The walls of blood vessels are specially designed to withstand the constant pressure associated with the arterial system. In some instances, however, an aneurysm (or out-pouching) may develop. The cause of this abnormality is not known.
This interruption of the normal vessel wall is frequently thin and weak and subject to bursting or leaking. When this happens, the patient may experience headache, nausea, vomiting, double vision, sensitivity to light, neck pain or stiffness, weakness, paralysis, memory loss, coma or death.
An angiogram is a procedure where a radiopaque dye is injected into the arteries. It casts a white shadow on the x-ray film that represents a cast of the inside of the blood vessels. The portion of the study that examines the arteries is often referred to as an arteriogram. This is performed to determine the exact size, shape and location of the aneurysm.
Arteriogram - Lateral view showing a posterior communicating artery aneurysm.
Arteriogram showing an aneurysm on the posterior communicating artery.
Arteriogram showing clip placed across the neck of the aneurysm. The aneurysm no longer fills with blood.
MRA (Magnetic Resonance Angiography)
By applying the unique characteristics of MR, imaging techniques have been developed to allow for the visualization of blood vessels without the injection of radiopaque dye or use of x-ray. The procedure provides very good images that are often acceptable. In many cases, however, conventional angiography is required for evaluating intracranial aneurysm's since MRA does not provide the same degree clarity and accuracy.
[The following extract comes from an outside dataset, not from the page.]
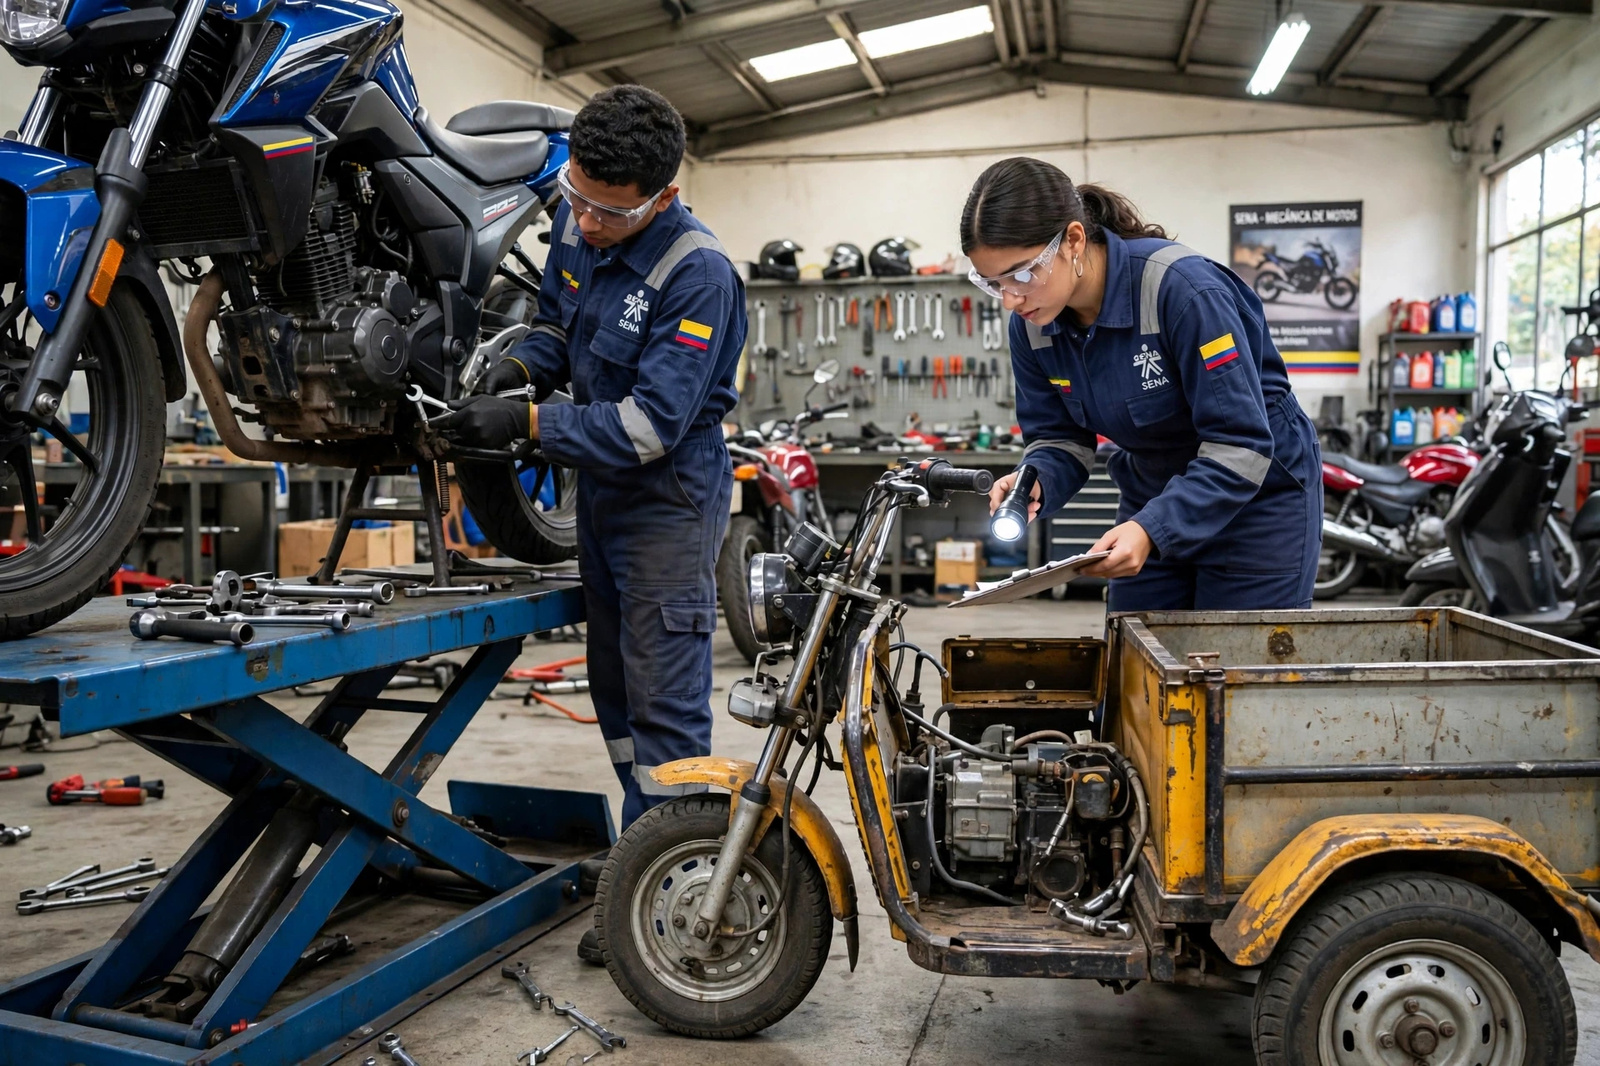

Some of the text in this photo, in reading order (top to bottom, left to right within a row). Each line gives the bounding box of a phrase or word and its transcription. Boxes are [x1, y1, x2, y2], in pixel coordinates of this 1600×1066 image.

[1234, 211, 1259, 225] SENA
[618, 319, 640, 334] SENA
[1141, 376, 1170, 390] SENA
In order to prevent the aneurysm from hemorrhaging (bleeding) or re-bleeding, the neurosurgeon places a clip across the neck of the aneurysm. This surgery is performed with the aid of a surgical microscope.
Types of Aneurysm's
The difficulty of this procedure depends upon the type of aneurysm and its location. A "saccular" aneurysm with a narrow neck is less difficult to clip than one with a broad neck. The most difficult aneurysm to manage is the "fusiform" type. Also difficult to manage is the "giant" aneurysm (2.5cm or greater).
In some instances, when it is not possible to surgically clip an aneurysm because of its location or when the patient cannot undergo a surgical procedure because of other risk factors, embolization is an option. The procedure used most commonly involves the insertion of a "coil" of wire into the aneurysm. The coil is delivered to the aneurysm through catheters (tubes) placed in the arteries. The procedure does not involve an open craniotomy and can be done under local anesthesia. Other methods of embolization include balloons and rapidly solidifying polymers. Surgical clipping remains the procedure of choice whenever it is possible because of its known effectiveness in permanently closing off the aneurysm to the flow of blood.
Blood relatives of patients with aneurysms should be evaluated by a neurosurgeon since this condition is hereditary. Early treatment can help to prevent complications.